■ **DATASET RECORDS**:

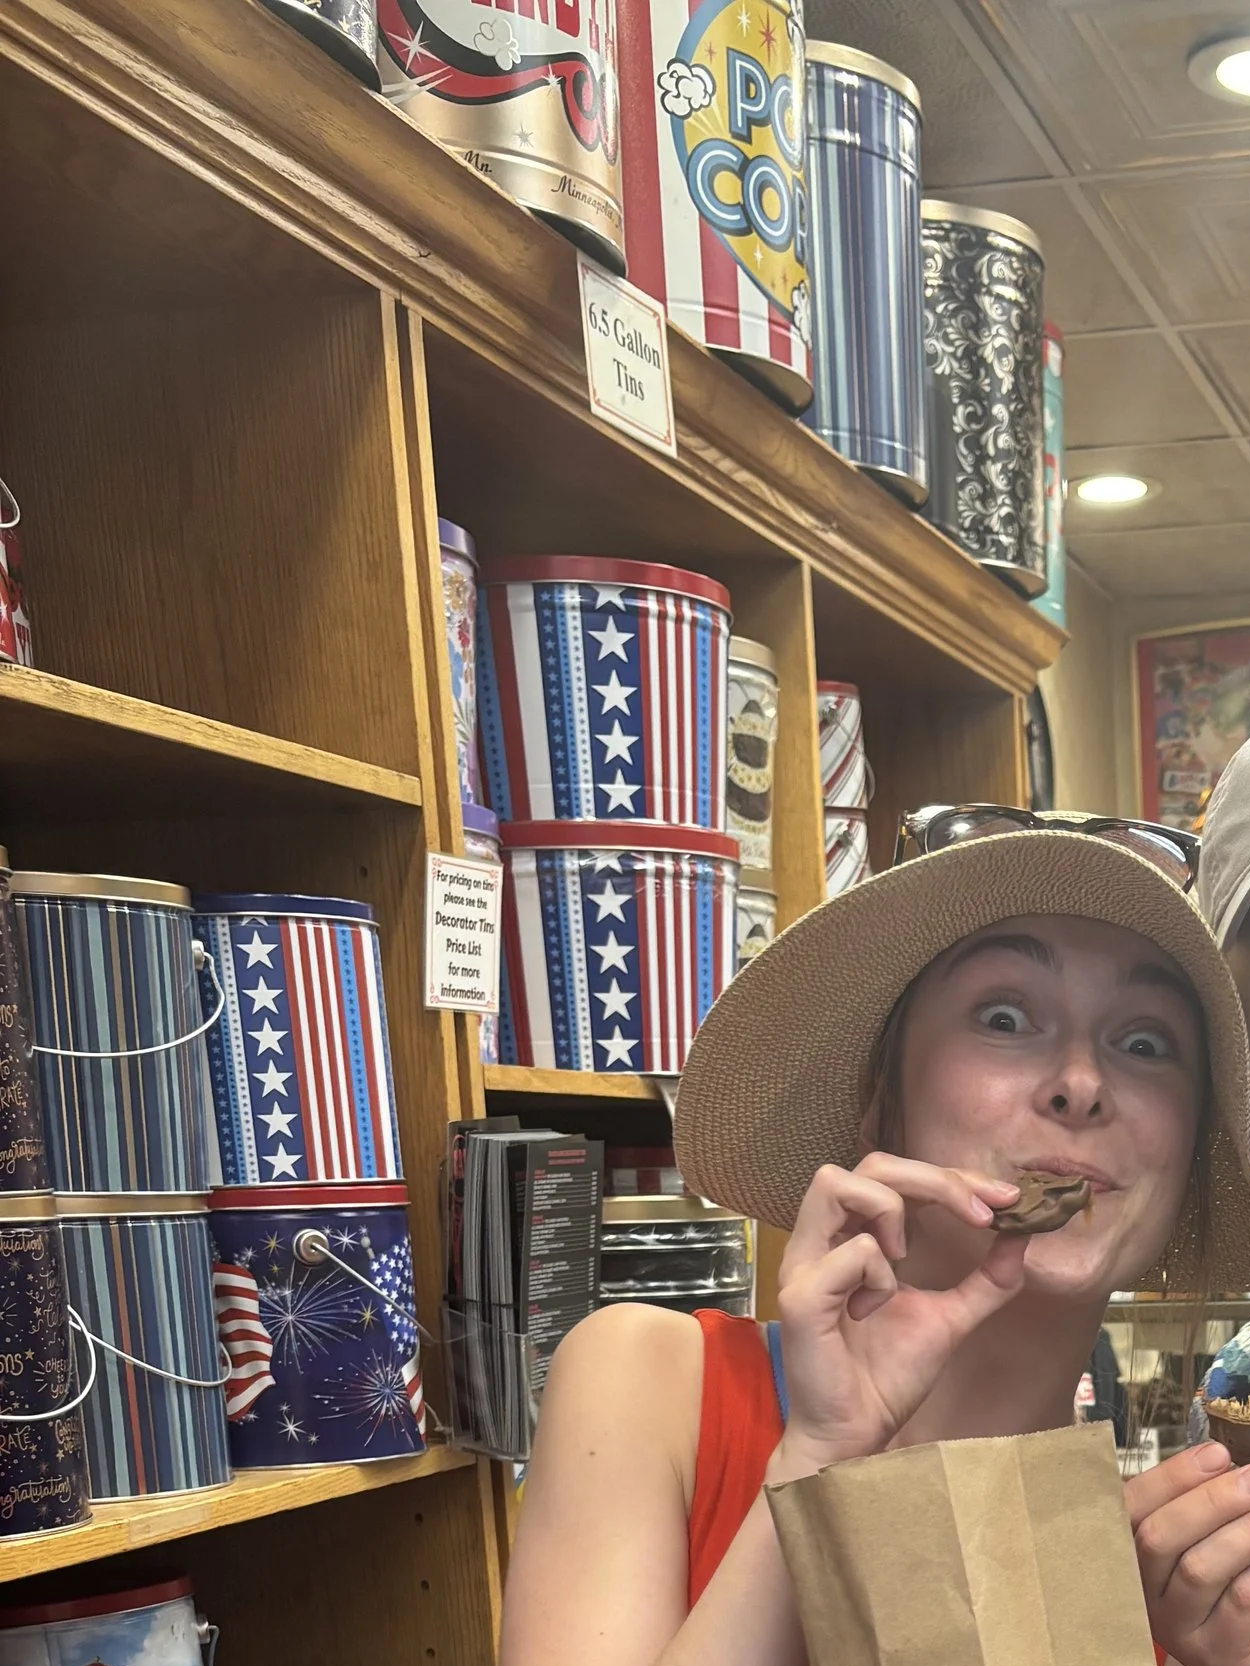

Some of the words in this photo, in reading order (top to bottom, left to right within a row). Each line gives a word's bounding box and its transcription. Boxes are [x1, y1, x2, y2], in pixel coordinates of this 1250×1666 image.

[588, 302, 610, 338] 6.5
[613, 318, 661, 370] Gallon
[613, 358, 645, 401] Tins
[436, 869, 449, 883] For
[449, 873, 472, 890] pricing
[473, 879, 482, 890] on
[482, 879, 494, 892] tins
[443, 892, 465, 905] please
[465, 897, 475, 908] see
[477, 897, 488, 910] the
[435, 911, 477, 931] Decorator
[479, 918, 495, 934] Tins
[446, 938, 466, 954] Price
[467, 940, 482, 956] List
[448, 962, 460, 976] for
[461, 967, 480, 979] more
[440, 983, 486, 1000] information

■ **WORK INSTRUCTION**:
Repeat the entries exactly, pictures left out.

■ **RESPONSE BELOW**:
Some of the words in this photo, in reading order (top to bottom, left to right within a row). Each line gives a word's bounding box and its transcription. Boxes are [x1, y1, x2, y2], in pixel coordinates of this 1250×1666 image.

[588, 302, 610, 338] 6.5
[613, 318, 661, 370] Gallon
[613, 358, 645, 401] Tins
[436, 869, 449, 883] For
[449, 873, 472, 890] pricing
[473, 879, 482, 890] on
[482, 879, 494, 892] tins
[443, 892, 465, 905] please
[465, 897, 475, 908] see
[477, 897, 488, 910] the
[435, 911, 477, 931] Decorator
[479, 918, 495, 934] Tins
[446, 938, 466, 954] Price
[467, 940, 482, 956] List
[448, 962, 460, 976] for
[461, 967, 480, 979] more
[440, 983, 486, 1000] information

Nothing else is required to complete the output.